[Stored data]
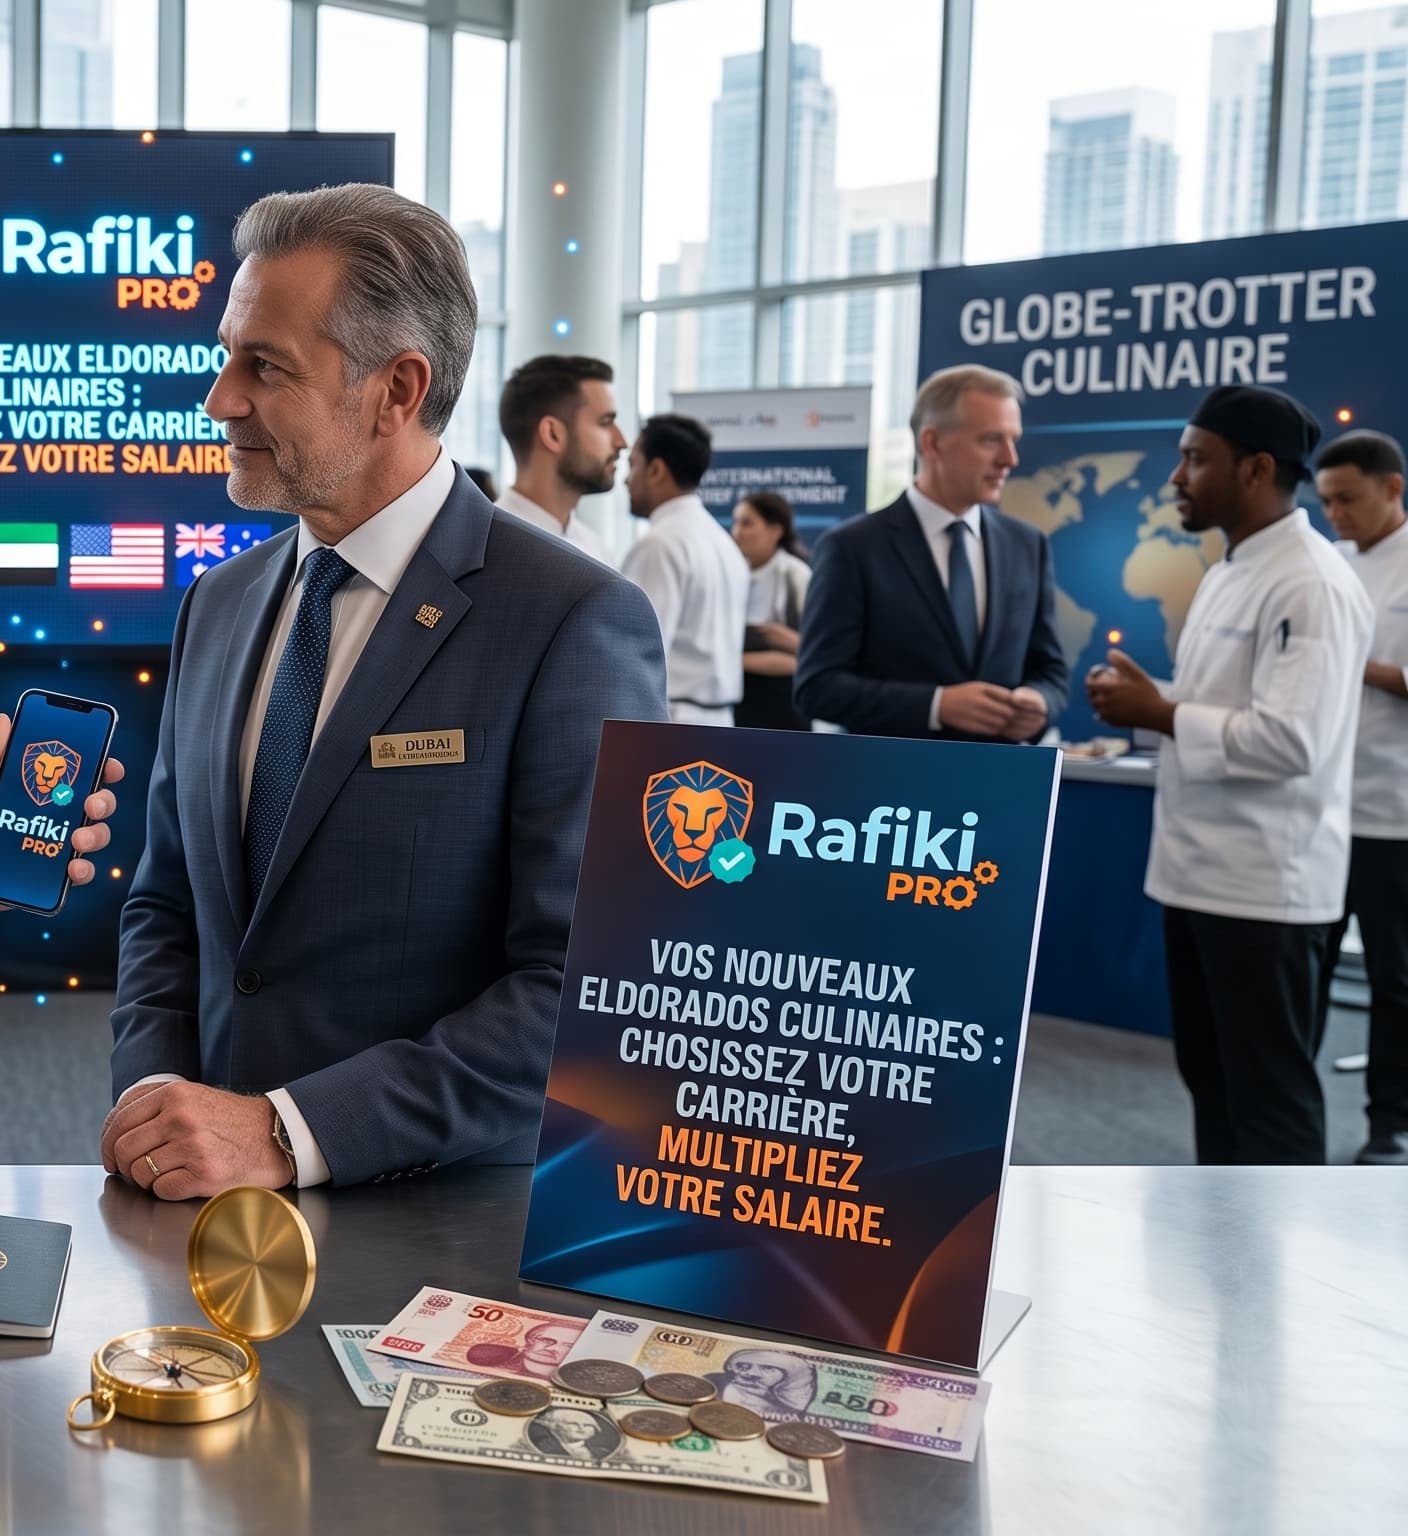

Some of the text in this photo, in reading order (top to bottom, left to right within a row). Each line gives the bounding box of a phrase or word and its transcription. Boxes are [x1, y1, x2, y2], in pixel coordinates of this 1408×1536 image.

[1, 215, 194, 275] Rafiki
[117, 278, 201, 310] PRO
[960, 266, 1377, 346] GLOBE-TROTTER
[79, 344, 229, 374] ELDORADO
[1021, 333, 1289, 397] CULINAIRE
[8, 411, 101, 440] VOTRE
[107, 402, 227, 441] CARRIÈR
[133, 384, 141, 407] :
[23, 443, 115, 473] VOTRE
[405, 738, 451, 751] DUBAI
[21, 837, 60, 858] PRO
[767, 801, 979, 873] Rafiki
[886, 873, 978, 911] PRO
[650, 938, 915, 1005] VOS NOUVEAUX
[578, 976, 1004, 1065] ELDORADOS CULINAIRES :
[619, 1027, 935, 1105] CHOSISSEZ VOTRE
[676, 1081, 856, 1148] CARRIÈRE,
[657, 1125, 864, 1193] MULTIPLIEZ
[616, 1165, 892, 1247] VOTRE SALAIRE.
[468, 1304, 505, 1322] 50
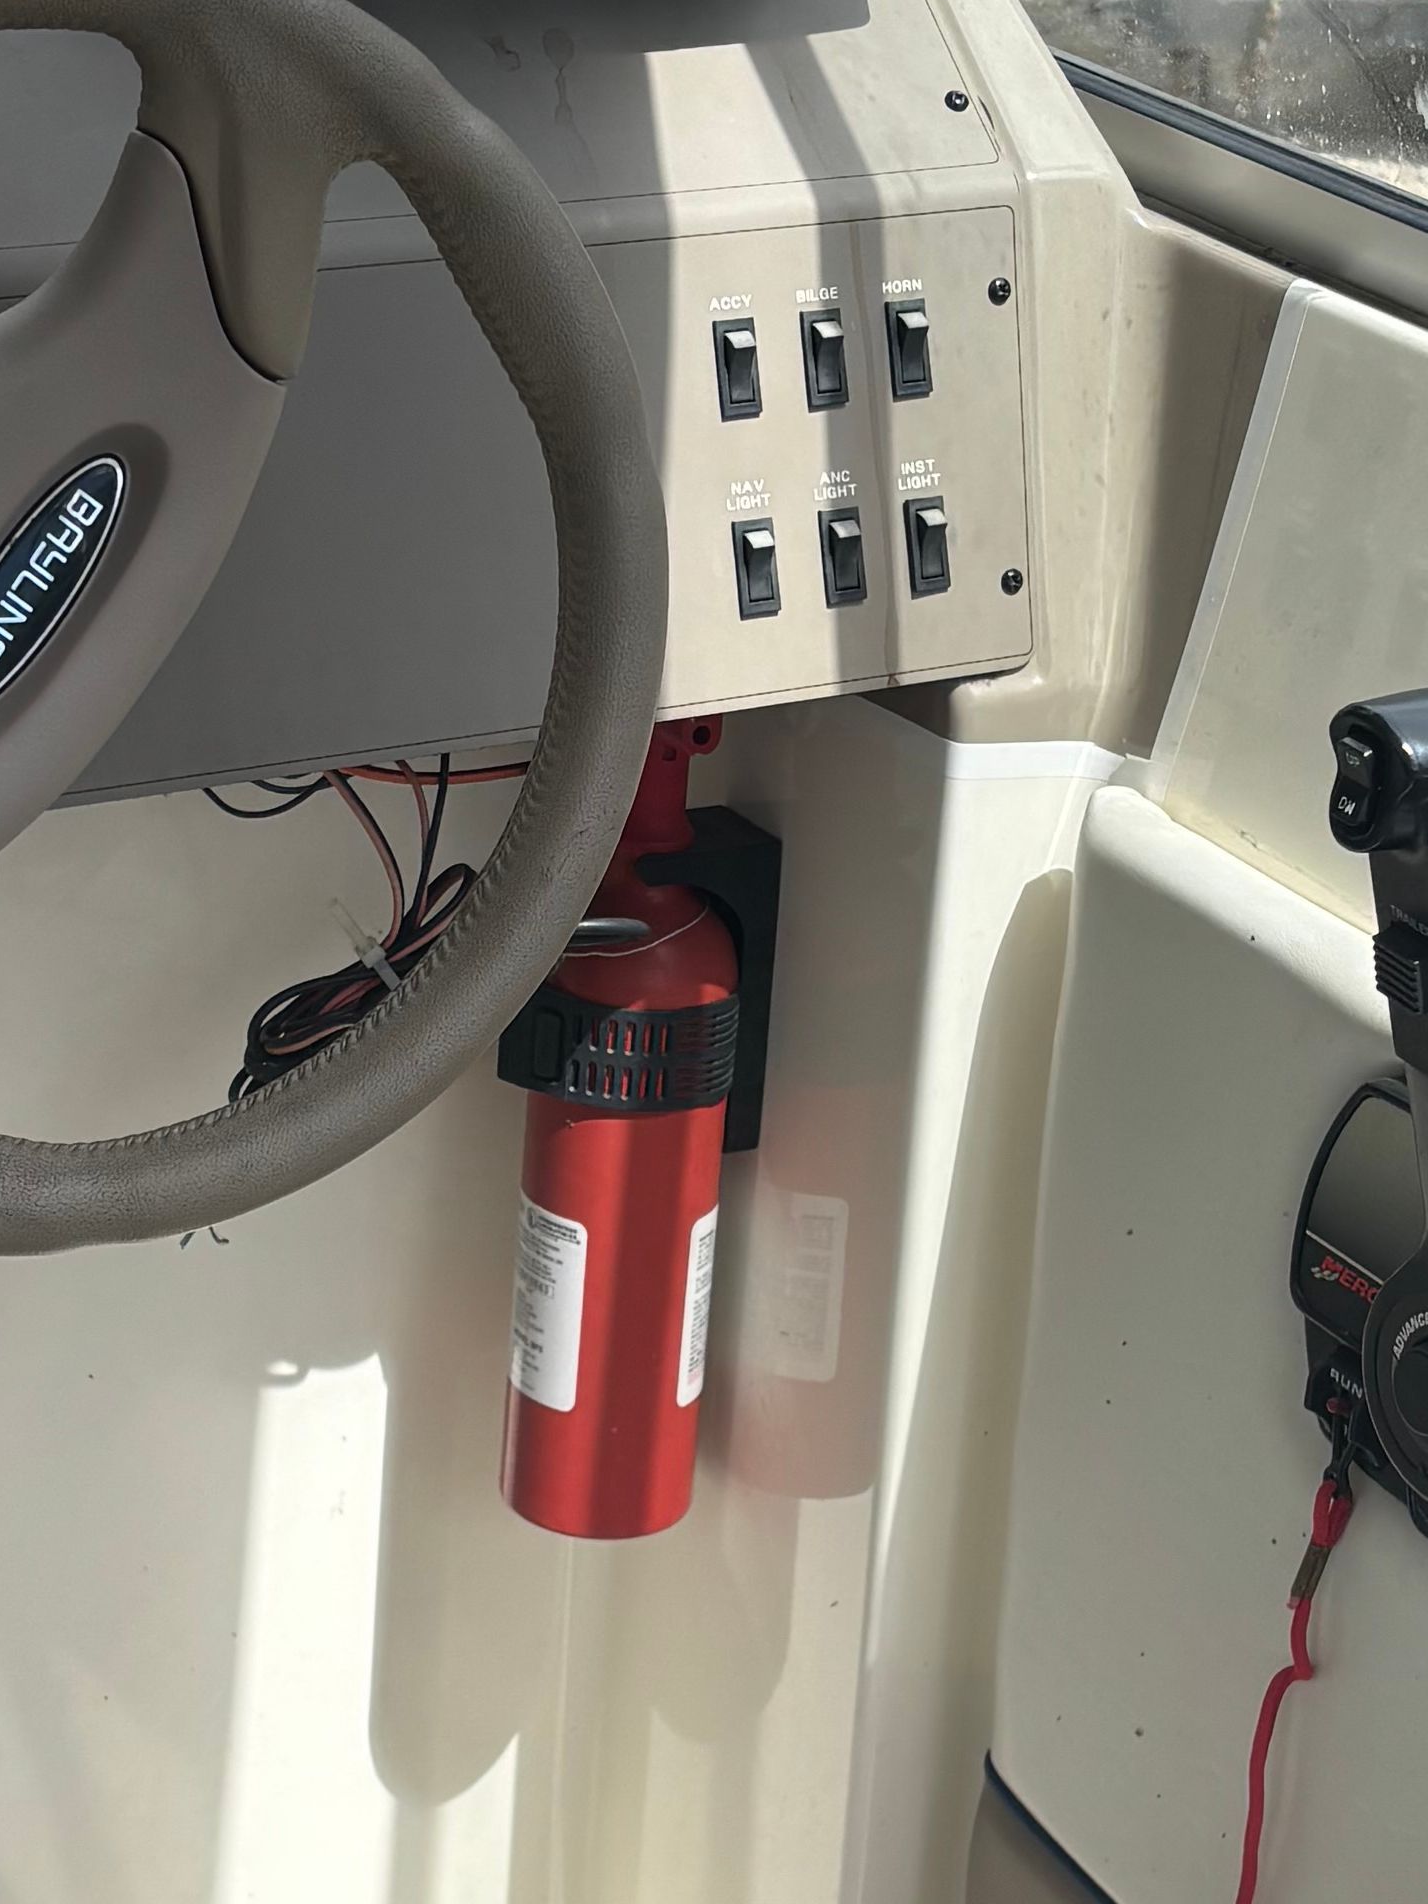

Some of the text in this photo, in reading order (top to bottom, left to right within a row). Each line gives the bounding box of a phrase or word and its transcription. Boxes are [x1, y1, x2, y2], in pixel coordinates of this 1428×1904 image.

### [AIM OF THE TASK]
Retype the records in full. Do not carry over the images.

### [RESPONSE]
Some of the text in this photo, in reading order (top to bottom, left to right within a row). Each line gives the bounding box of a phrase or word and its transcription. Boxes are [x1, y1, x2, y2], in pixel coordinates of this 1408×1536 image.

[1, 215, 194, 275] Rafiki
[117, 278, 201, 310] PRO
[960, 266, 1377, 346] GLOBE-TROTTER
[79, 344, 229, 374] ELDORADO
[1021, 333, 1289, 397] CULINAIRE
[8, 411, 101, 440] VOTRE
[107, 402, 227, 441] CARRIÈR
[133, 384, 141, 407] :
[23, 443, 115, 473] VOTRE
[405, 738, 451, 751] DUBAI
[21, 837, 60, 858] PRO
[767, 801, 979, 873] Rafiki
[886, 873, 978, 911] PRO
[650, 938, 915, 1005] VOS NOUVEAUX
[578, 976, 1004, 1065] ELDORADOS CULINAIRES :
[619, 1027, 935, 1105] CHOSISSEZ VOTRE
[676, 1081, 856, 1148] CARRIÈRE,
[657, 1125, 864, 1193] MULTIPLIEZ
[616, 1165, 892, 1247] VOTRE SALAIRE.
[468, 1304, 505, 1322] 50

Some of the text in this photo, in reading order (top to bottom, left to right within a row). Each line gives the bounding box of a phrase or word and its transcription. Boxes are [x1, y1, x2, y2], in pixel coordinates of this 1428×1904 image.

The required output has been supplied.